If the only possible topology is that the IOMMU sees transactions
coming out of a device on a root bus, then a bridge parameter is
unnecessary, and we can just look at every bridge between the root bus
and the device. I just didn't know whether that was the only possible
topology.
If an IOMMU can be placed such that it's like a PCIe switch that
happens to translate DMA addresses before forwarding upstream, then we
might want a bridge parameter that identifies the "downstream port" of
the IOMMU or the upstream port of a switch below the IOMMU. Otherwise
we would generate requester IDs unnecessarily for bridges above the
IOMMU.
> I'm warming up to your approach, but I think I'd rather see something
> like:
>
> struct pci_dev *pci_get_requester_id(struct pci_dev *pdev)
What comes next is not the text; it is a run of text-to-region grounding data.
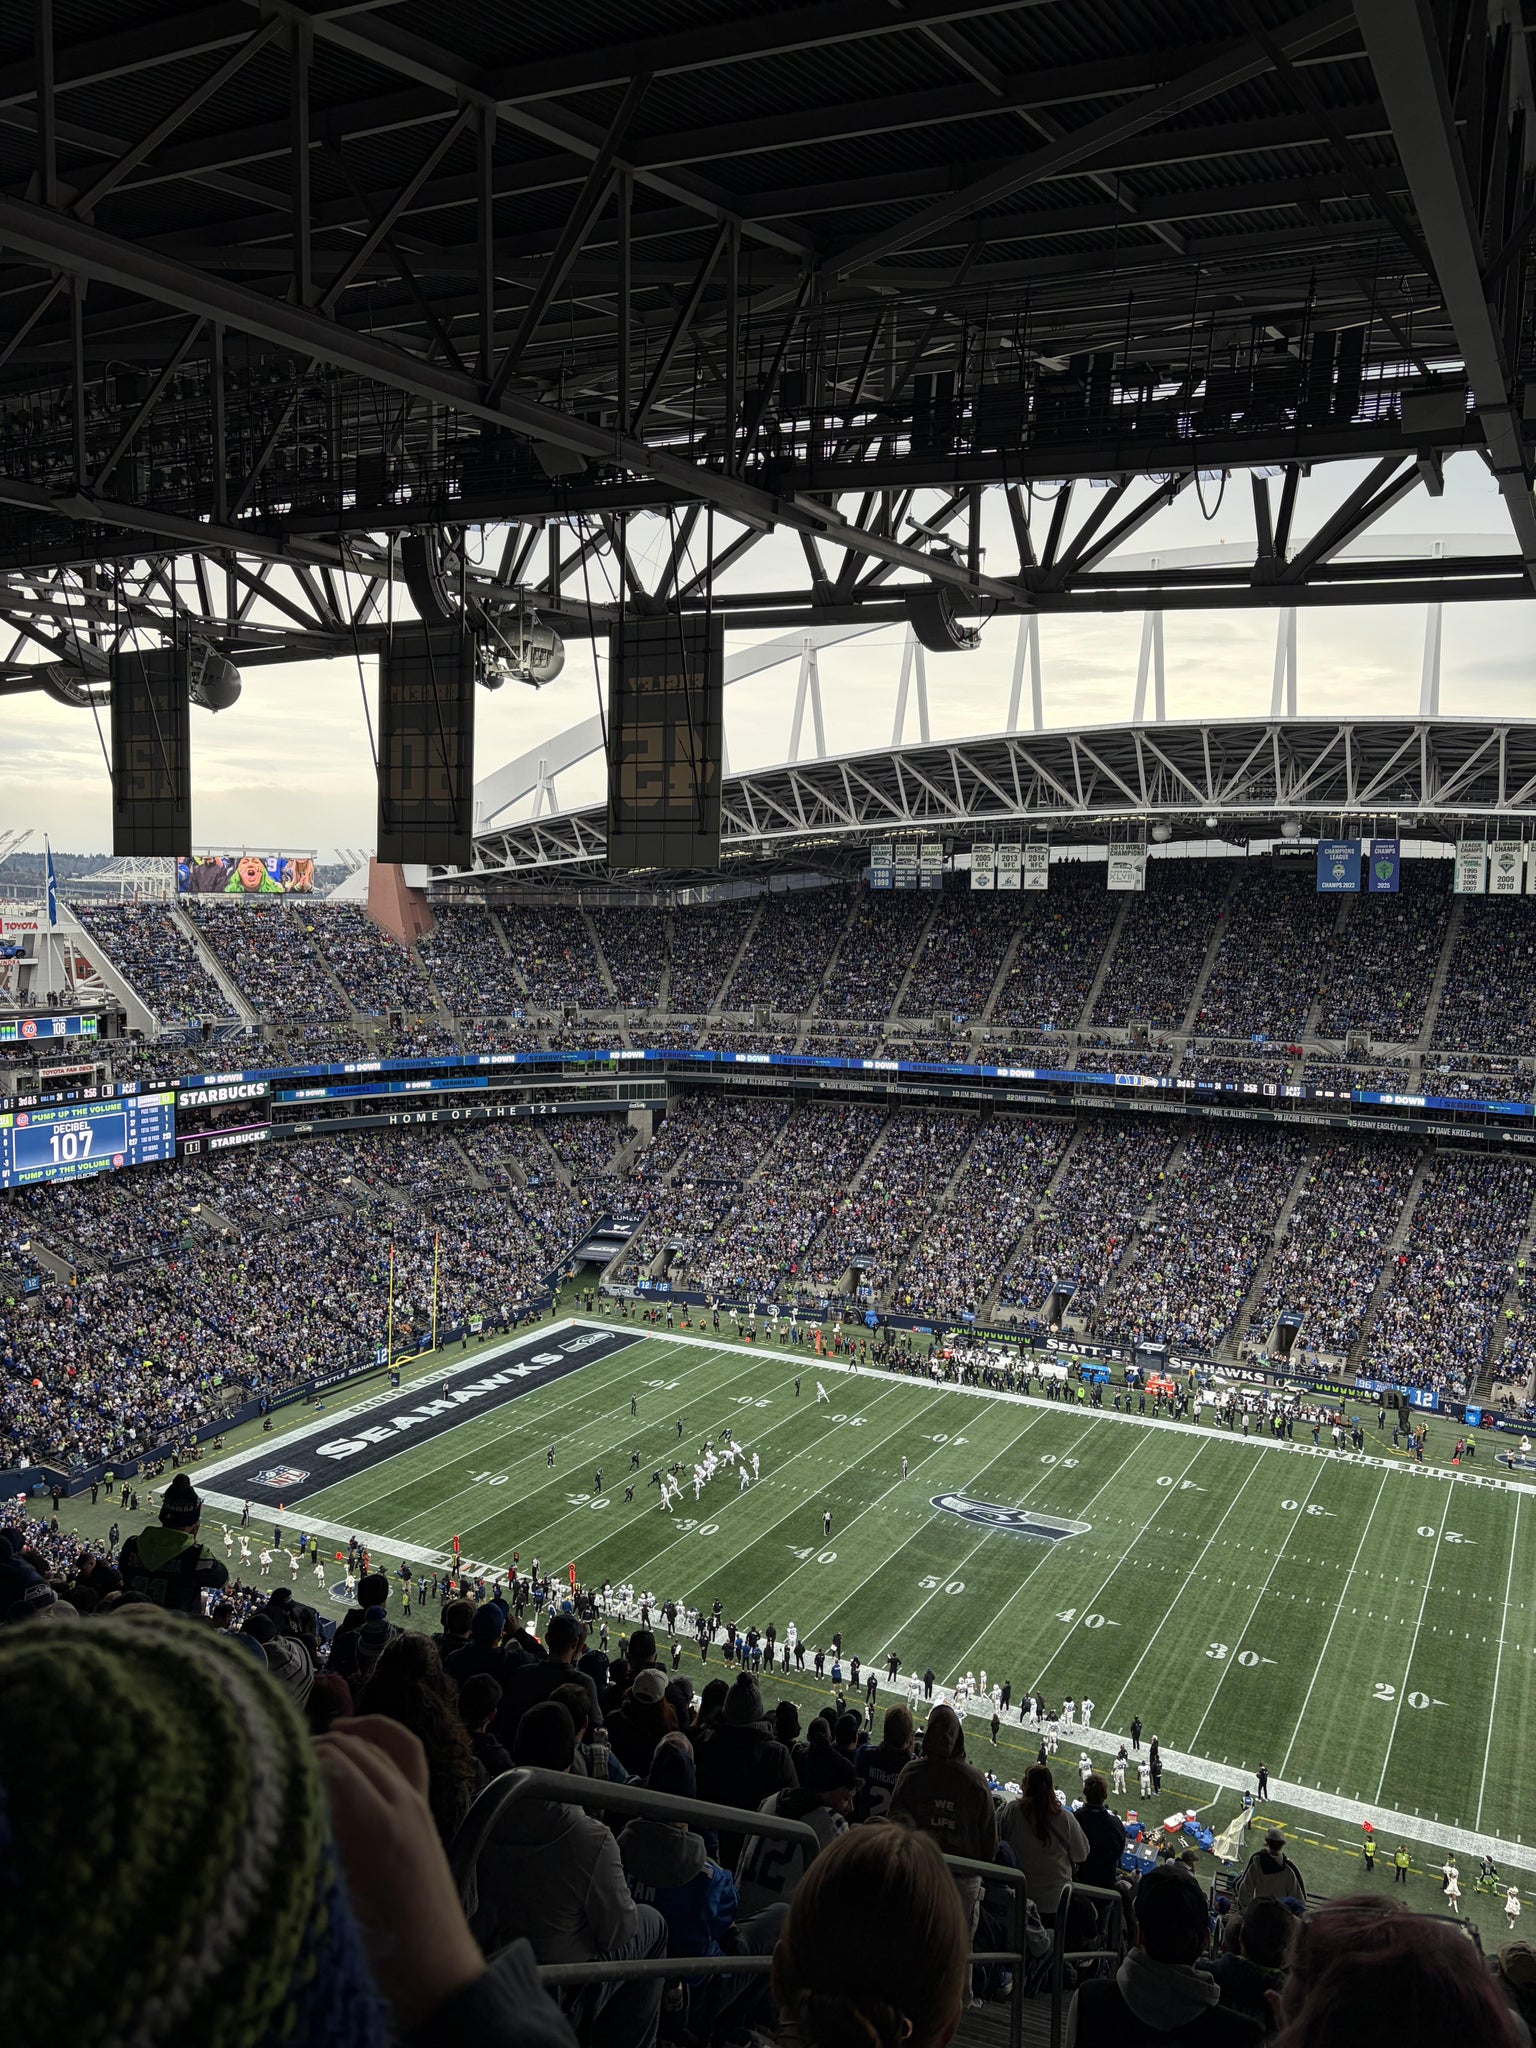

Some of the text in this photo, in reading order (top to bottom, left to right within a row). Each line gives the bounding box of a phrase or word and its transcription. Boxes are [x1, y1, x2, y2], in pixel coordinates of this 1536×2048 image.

[5, 922, 38, 930] TOYOTA
[52, 1022, 66, 1035] 108
[492, 1055, 515, 1063] DOWN
[747, 1055, 770, 1063] DOWN
[357, 1063, 381, 1072] DOWN
[875, 1062, 898, 1070] DOWN
[218, 1073, 243, 1083] DOWN
[1009, 1070, 1035, 1078] DOWN
[412, 1081, 431, 1089] DOWN
[749, 1078, 776, 1086] ALEXANDER
[1162, 1078, 1167, 1087] 0
[180, 1084, 264, 1107] STARBUCKS
[305, 1089, 326, 1097] DOWN
[908, 1088, 929, 1096] LARGENT
[4, 1099, 9, 1109] 0
[1027, 1095, 1046, 1103] BROWN
[1087, 1100, 1104, 1108] GROSS
[1395, 1096, 1425, 1106] DOWN
[32, 1113, 56, 1122] PUMP
[72, 1108, 88, 1116] THE
[90, 1103, 122, 1114] VOLUME
[390, 1106, 557, 1124] HOME OF THE 12s
[1152, 1105, 1175, 1113] WARNER
[1301, 1116, 1318, 1125] GREEN
[1358, 1121, 1376, 1129] KENNY
[1377, 1122, 1397, 1131] EASLEY
[53, 1121, 91, 1135] DECIBEL
[1436, 1127, 1451, 1136] DAVE
[1452, 1129, 1471, 1137] KRIEG
[211, 1133, 266, 1148] STARBUCKS
[1514, 1134, 1535, 1143] CHUCK
[50, 1130, 94, 1163] 107
[19, 1160, 110, 1181] PUMP UP THE VOLUME
[78, 1171, 99, 1180] ELECTRIC
[28, 1279, 37, 1287] 12
[659, 1283, 668, 1291] 12
[376, 1350, 388, 1364] 12
[1168, 1357, 1266, 1383] SEAHAWKS
[314, 1372, 346, 1389] SEATTLE
[648, 1379, 680, 1390] 10
[1359, 1380, 1372, 1389] 96
[351, 1368, 458, 1414] CHOOSE LOVE
[738, 1397, 774, 1407] 20
[1415, 1390, 1433, 1408] 12
[316, 1353, 565, 1460] SEAHAWKS
[831, 1414, 868, 1427] 30
[932, 1433, 970, 1446] 40
[1040, 1454, 1080, 1468] 50
[1282, 1442, 1508, 1489] INSPIRE CHANGE
[270, 1470, 304, 1488] NFL
[471, 1472, 509, 1486] 10
[1156, 1476, 1195, 1492] 40
[567, 1494, 611, 1510] 20
[1281, 1499, 1326, 1517] 30
[676, 1518, 720, 1536] 30
[1416, 1526, 1464, 1544] 20
[794, 1546, 838, 1564] 40
[917, 1575, 965, 1595] 50
[1055, 1608, 1105, 1629] 40
[1204, 1642, 1261, 1667] 30
[1372, 1682, 1432, 1710] 20
[869, 1785, 892, 1817] 2
[934, 1799, 956, 1812] WE
[930, 1816, 957, 1830] LIFE
This returns a "pci_dev *", not a requester ID, so for bridges that
can take ownership, this depends on there being a pci_dev on the
secondary bus with dev/fn == 0. Maybe that's always true; I'm not
sure.
> {
> do {
> /* Apply DMA quirks at every step */
> pdev = pci_get_dma_source(pdev);
>
> /* Done for PCIe devices or broken bridges, PCI-X TBD */
> if (pci_is_pcie(pdev) || /* broken pcie bridge test */)
> break;
>
> } while (!pci_is_root_bus(pdev->bus) && (pdev = pdev->bus->self));
>
> return pdev;
I'm not sure it's sufficient to stop when we find a PCIe bridge. For
example, in this topology:
00:1c.0 PCIe root port
01:00.0 PCIe-to-PCI bridge
02:00.0 PCI-to-PCIe reverse bridge
03:00.0 PCIe switch upstream port
04:00.0 PCIe switch downstream port
05:00.0 PCIe endpoint
the IOMMU will only see requester IDs of 02:00.0, even though if we
search up from 05:00.0 we find a PCIe device at 04:00.0. Maybe this
is too contrived, but reverse bridges are sometimes used on add-in
cards so a new part can be used in older systems, e.g., in this case
the add-in card would contain 02:00.0 and everything below it.
> }
>
>
> /* Start with requester ID pdev and pdev->bus, this way we handle both peer
> * and parent requester IDs */
> int pci_for_each_requester_id(struct pci_dev *pdev, struct pci_bus *bus,
> int (*fn)(struct pci_dev *, void *),
> void *data)
> {
> struct pci_dev *tmp;
> int ret;
>
> list_for_each_entry(tmp, &bus->devices, bus_list) {
> if (pci_get_requester_id(tmp) == pdev) {
> ret = fn(tmp, data);
What does the IOMMU driver supply for "bus"? Presumably it doesn't
supply "pdev->bus" because you're traversing downward
("tmp->subordinate" below).
> if (ret)
> ...
>
> if (tmp->subordinate) {
> ret = pci_for_each_requester_id(pdev,
> tmp->subordinate, fn);
> if (ret)
> ...
> }
> }
> }
>
> return ret;
> }
>
> Seems like that would be sufficient to leverage the intel-iommu changes
> you've drafted. Thanks,
>
> Alex
>
>> > > + if (pci_bridge_may_take_ownership(bridge)) {
>> > > + ret = fn(dev, PCI_BRIDGE_REQUESTER_ID(bridge), data);
>> > > + if (ret)
>> > > + return ret;
>> > > + }
>> > > + bridge = pci_bridge_to_dev(bridge->subordinate, dev);
>> > > + }
>> > > +
>> > > + if (pci_is_pcie(dev) || pci_is_pcix(dev))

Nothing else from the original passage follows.